The Turing Machine consists of an input tape (with symbols on it), an internal tape (which corresponds to memory), and an output tape (which contains the result).
A Turing Machine operates through a series of steps: it scans its input tape, reads out one symbol at a time from its internal tape, and then applies this symbol as a command (or decision) to its output tape. For example: “If you see ‘X’ on the input tape, then print ‘Y’ on the output tape.”
The input tape can be considered a finite set of symbols, while the internal and output tapes are infinite. The Turing Machine must read an entire symbol from its internal tape before it can move its head to the next symbol on the input tape.
Once it has moved its head to the next symbol, it can read that symbol out of its internal tape and then move to the next symbol on its input tape.
This process continues until no more input or output symbols are left in the Turing Machine’s internal or external tapes (at which point, it stops).
State machines are helpful for a variety of purposes. They can be used to model the flow of logic within a program, represent the states of a system, or for modeling the flow of events in a business process.
There are many different types of state machines, ranging from simple to highly complex. A few common use cases include:
State machines are ideal for modeling business workflows. This includes account setup flows, order completion, or a hiring process.
These things have a beginning and an end and follow some sort of sequential order. State machines are also great for modeling tasks that involve conditional logic.
Companies pair FSMs with their data strategy to explore the cause and effect of business scenarios to make informed business decisions.
Business scenarios are often complex and unpredictable.

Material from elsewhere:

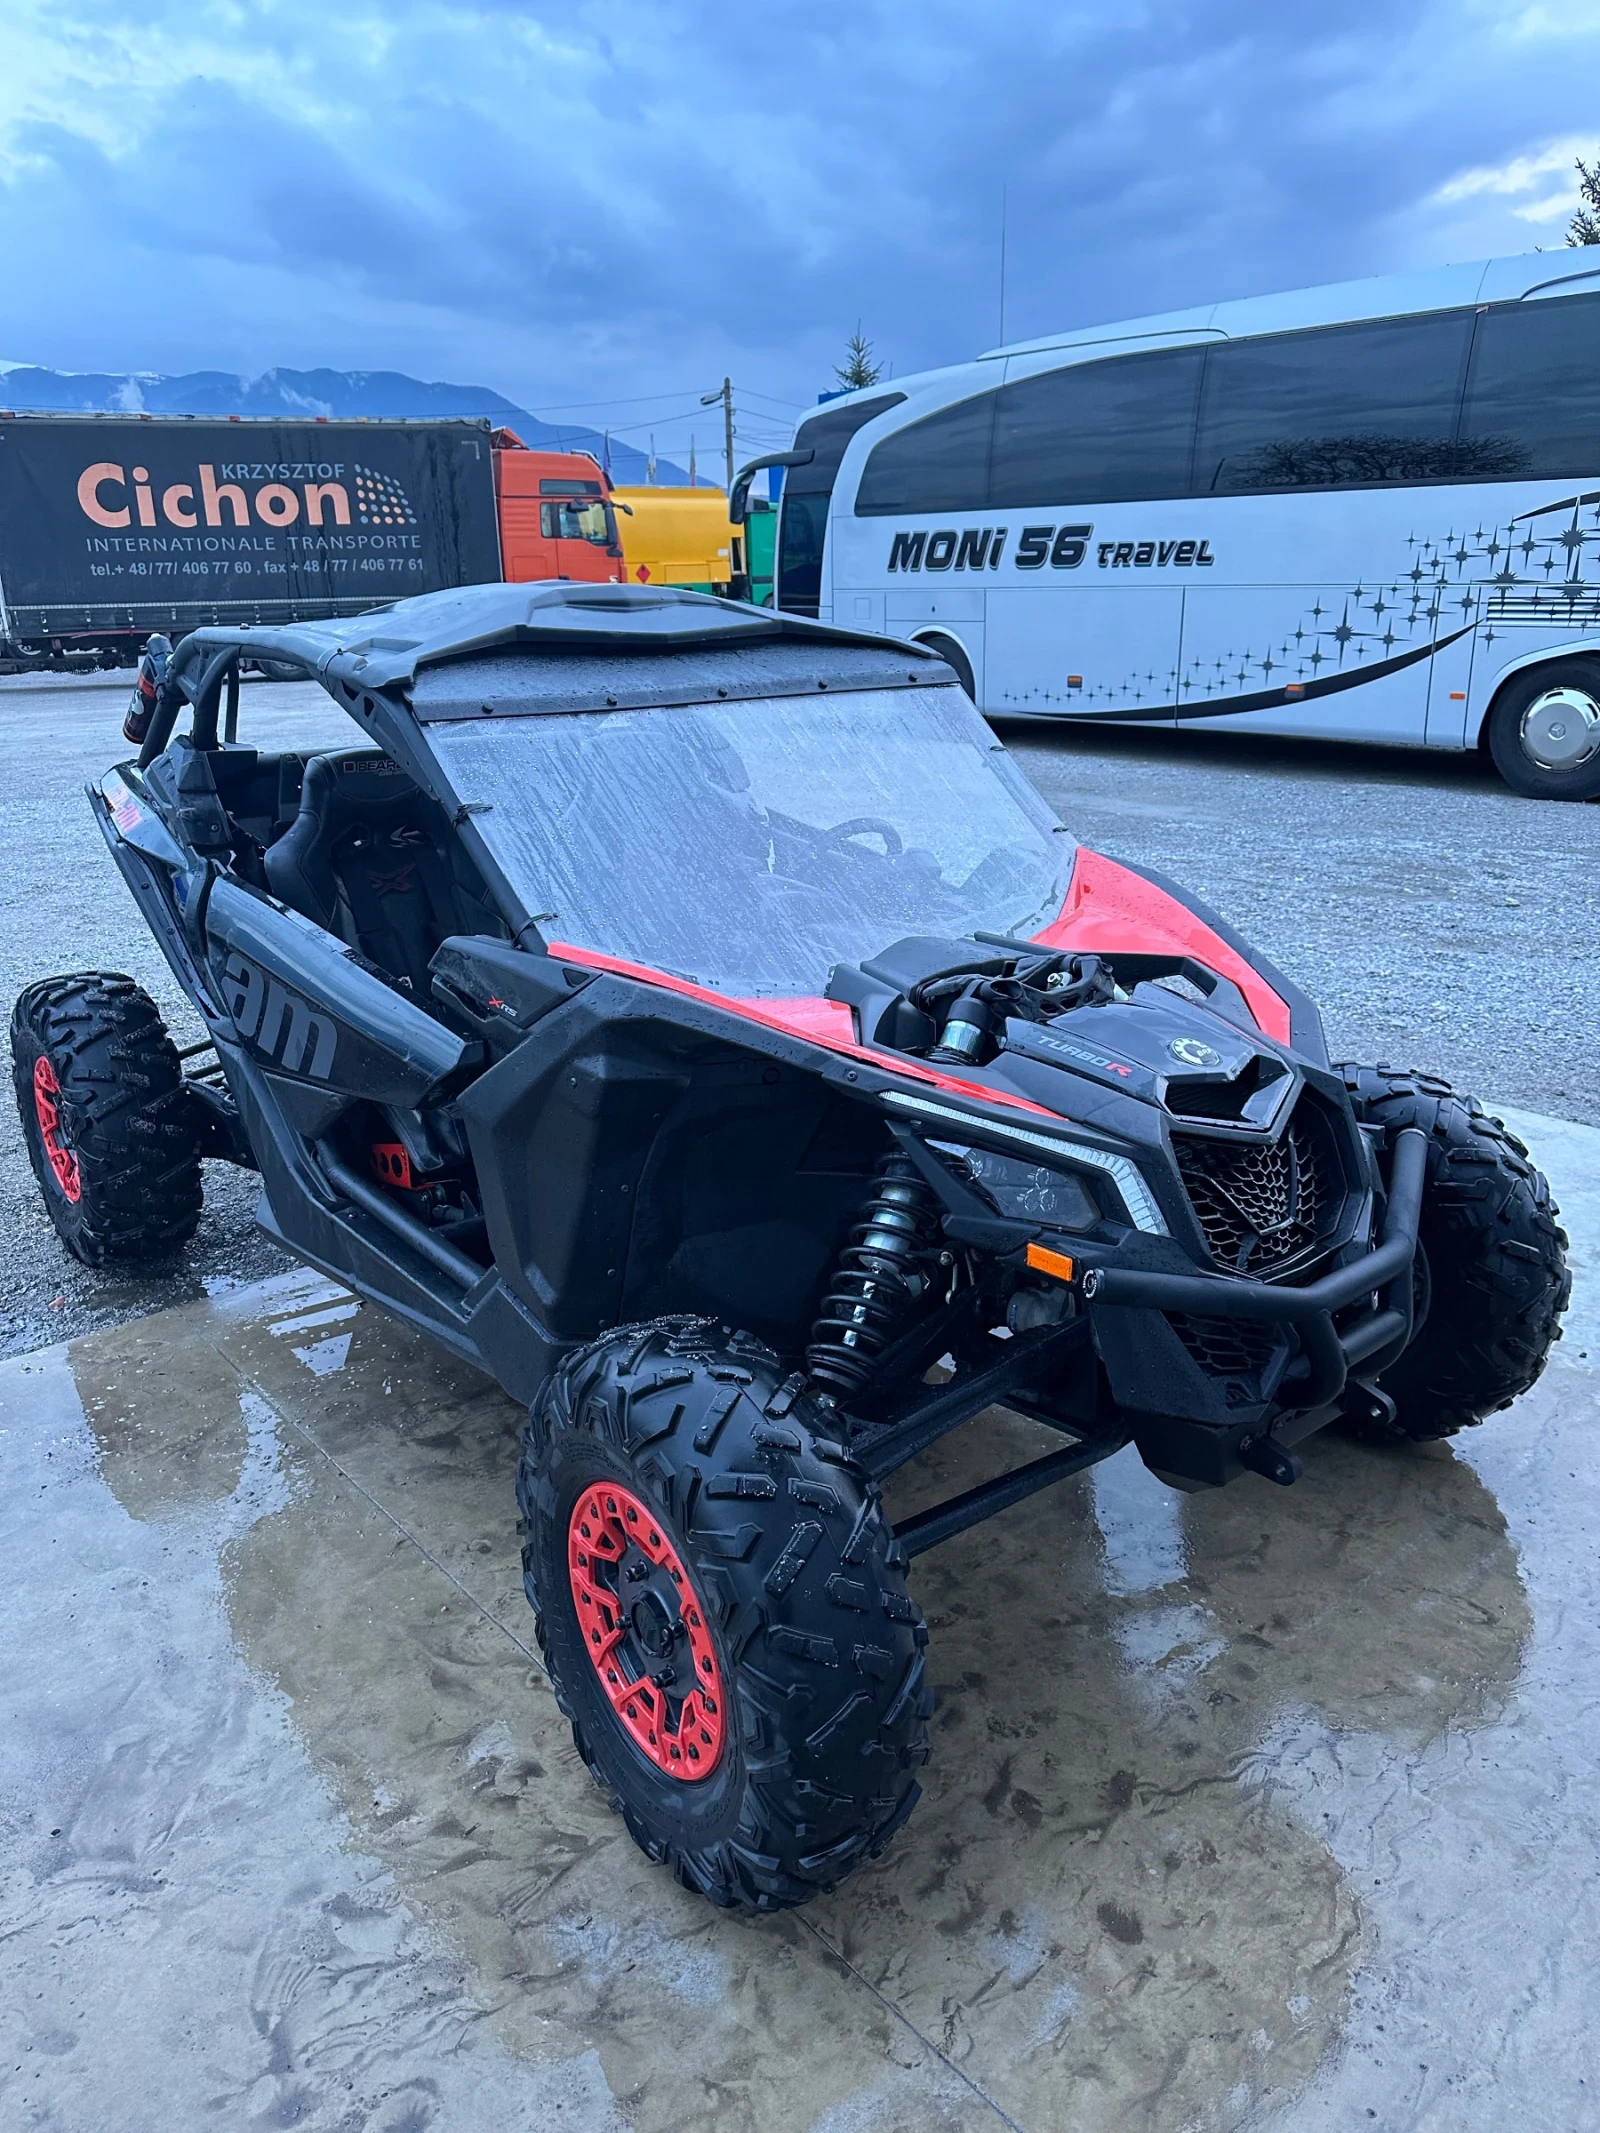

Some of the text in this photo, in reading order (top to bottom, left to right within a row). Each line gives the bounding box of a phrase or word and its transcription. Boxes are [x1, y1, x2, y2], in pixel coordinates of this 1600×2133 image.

There are many possible outcomes, and each one impacts the business differently.
A simulation allows you to try different business scenarios and see how each plays out. You can then assess the risk and determine the best course of action.
Developers use state machines to model how a user interacts with the application. These models are also helpful in modeling business logic flow in the system.
In both cases, state machines help visualize the flow of the application and organize the code in a maintainable fashion.
State machines are often used to improve the user experience, especially in apps with lots of steps or where there’s a risk of user abandonment.
For example, a booking app might use a state machine to track the progress of a booking and display a different set of fields based on the stage of the booking.
While the booking process might be linear, the user experience can be improved by offering relevant fields upfront and removing them as soon as they are no longer required.
You can think about this concept as having a conversation with your users: you have a set of questions you need to ask, but the order in which you ask them, and the timing with which you ask them, can have a significant impact on the user experience, and ultimately on your company’s bottom line.
State machines help developers ensure their software is efficient, scalable, and maintainable.
State machines are vital to engineering reliable systems necessary to remain relevant amidst the digital transformation.
FSMs model complex processes in a way that makes them easy for developers to understand. This helps the developer build a system that accurately reflects the requirements and provides a positive user experience.
If you are rethinking how you build software by using state machines, our team of professionals and our long expertise, can help you figure out the right direction.